Ancore fissate al cielo
di Silvia Guidi
Il filosofo e storico del pensiero Rémi Brague e il gesuita Brian Edward Daley sono i vincitori di quello che ormai è stato ribattezzato il Nobel per la teologia, ovvero il premio conferito dalla Fondazione Joseph Ratzinger. L'annuncio è stato dato ufficialmente il 28 settembre nella Sala Stampa della Santa Sede dal cardinale Camillo Ruini, presidente del Comitato scientifico, e da monsignor Giuseppe Antonio Scotti, presidente della Fondazione. Il premio verrà consegnato dal Papa ai due studiosi il prossimo 20 ottobre nella Sala Clementina, alla presenza dei premiati dell'edizione 2011: Manlio Simonetti, Olegario González de Cardedal e Maximilian Heim.
Il criterio fondamentale per l'assegnazione del Premio Ratzinger è la compresenza di rigore scientifico e testimonianza personale «allo scopo -- ha spiegato monsignor Scotti -- di riportare al centro del dibattito culturale Dio come il primo e il più grande “investimento” per l'uomo; siamo solo alla seconda edizione, ma le università interessate sono già quasi triplicate rispetto ai 35 atenei del 2011». E accanto al premio, ha spiegato il presidente della Fondazione, «ci sono anche le borse di studio messe a disposizione per i dottorandi in teologia e i convegni: il prossimo si svolgerà a Rio de Janeiro l'8 e il 9 novembre».
Sia Daley che Brague, ha chiosato il cardinale Ruini, sono «studiosi di lungo corso»: il curriculum del gesuita americano spazia dalla patrologia alla teologia storica, comprendendo anche un'approfondita conoscenza del mondo ortodosso; attualmente, infatti, è segretario esecutivo della Consulta cattolica-ortodossa per il Nord America, oltre a insegnare teologia presso l'università di Notre Dame in Indiana, nella cattedra intitolata a Catherine F. Huisking. Si è occupato in particolare del tema della speranza nella Chiesa primitiva, della dormizione di Maria nelle prime omelie patristiche, dell'opera di Gregorio di Nazianzo e dell'opera di Leonzio Bizantino, ha inoltre tradotto Liturgia Cosmica. L'universo secondo Massimo il Confessore di Hans Urs von Balthasar.

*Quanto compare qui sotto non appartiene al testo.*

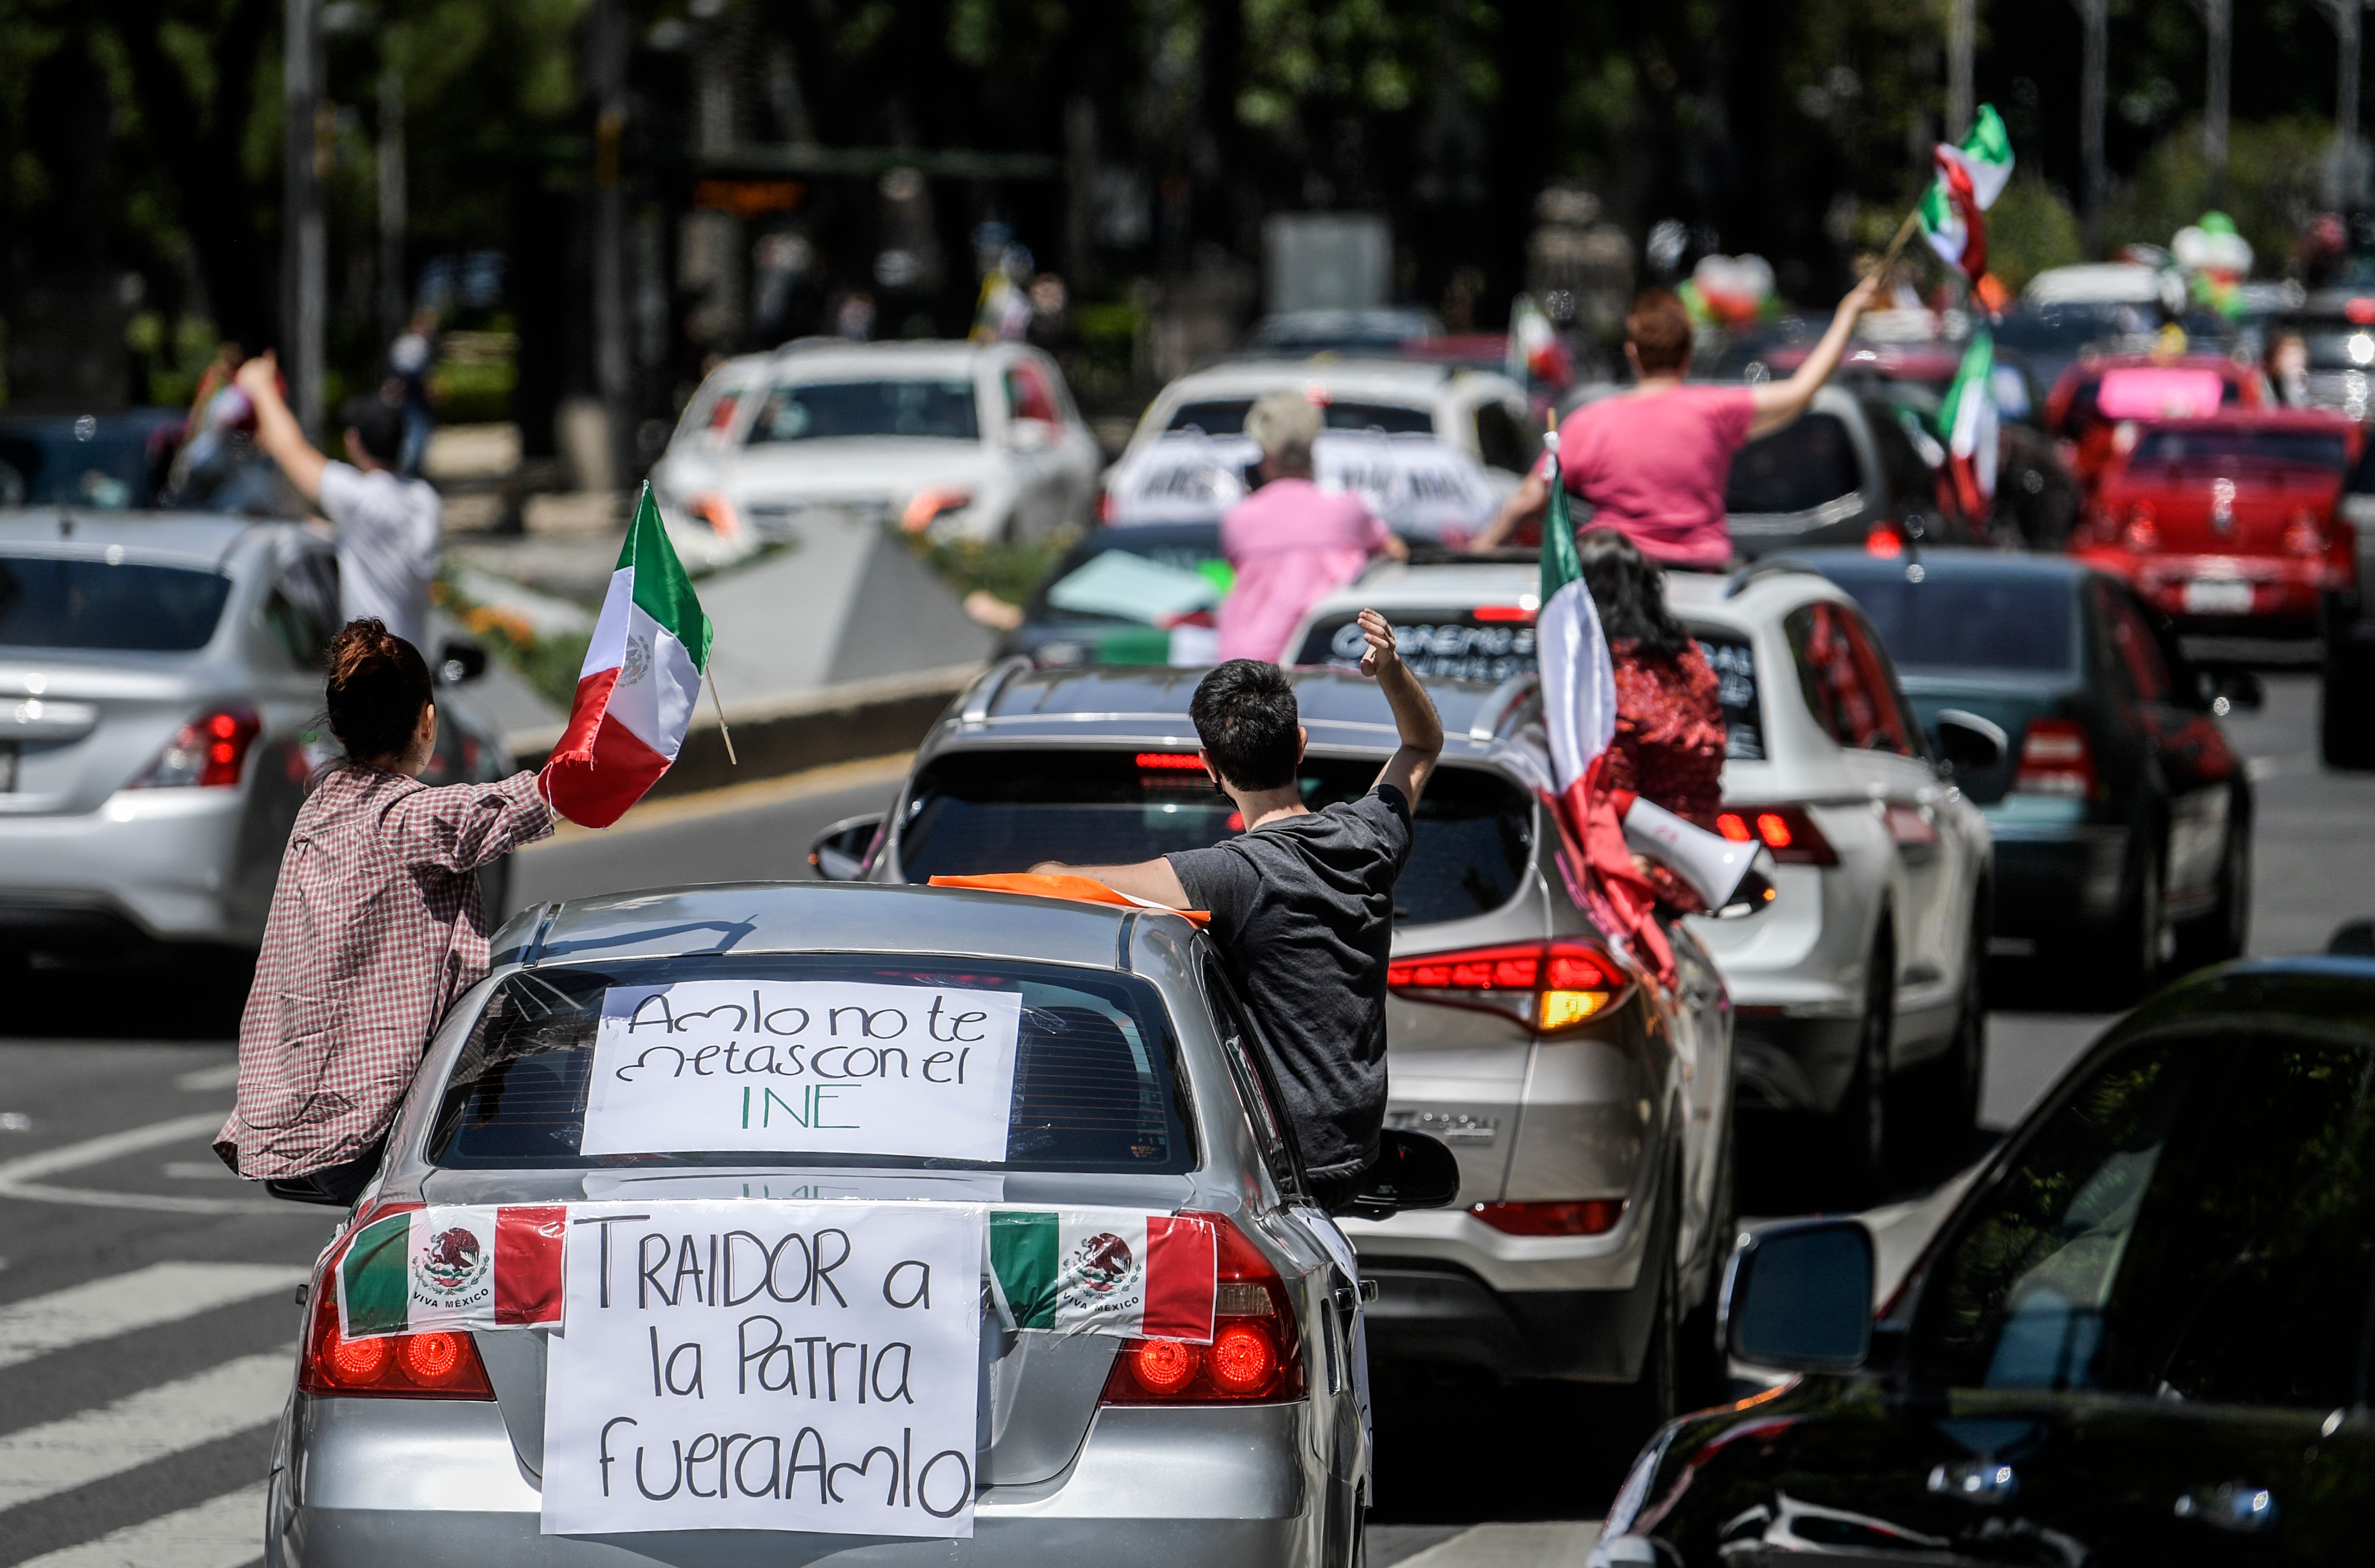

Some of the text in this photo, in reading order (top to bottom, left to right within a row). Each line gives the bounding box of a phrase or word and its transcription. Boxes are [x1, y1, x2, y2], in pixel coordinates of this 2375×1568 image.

Una profonda e radicale riscoperta della metafisica è invece al centro degli ultimi studi di Rémi Brague che, come ha sottolineato il cardinale Ruini, «unisce alla forza speculativa e alla visione storica una fede cristiana e cattolica profonda ed esplicita, senza complessi». Il titolo dell'ultimo libro del filosofo francese è, a questo proposito, tanto poetico quanto esplicito: Les ancres dans le Ciel: L'infrastructure métaphysique (Paris, Seuil, 2011, pagine 135, euro 16,20).
«L'Occidente sembra oggi odiare se stesso. Perché?»: è la domanda a cui Brague, docente di filosofia araba alla Sorbona e successore di Romano Guardini alla Ludwig-Maximilians-Universität di Monaco di Baviera, cerca di rispondere nelle sue lezioni e nei suoi libri. «Con un'immagine -- afferma -- potremmo dire che il più carino ed educato degli elefanti potrebbe creare più danni in un negozio di cristallerie rispetto a un topolino cattivissimo; la discriminante è semplicemente la dimensione». E allora l'Occidente odia se stesso «perché è intervenuto così tanto su diverse altre parti del mondo creando inevitabilmente qualche disastro (...) Possiamo batterci il petto per la nostra colpa ma se lo facciamo senza aspettarci un perdono questo può portare solo ed esclusivamente all'odio di sé».
Per questo Brague non teme di definire l'Europa di oggi «uno zombie che non sa di essere morto e continua a respirare e camminare per abitudine»; non c'è sciagura più grande, diceva Teilhard de Chardin, della perdita del gusto di vivere.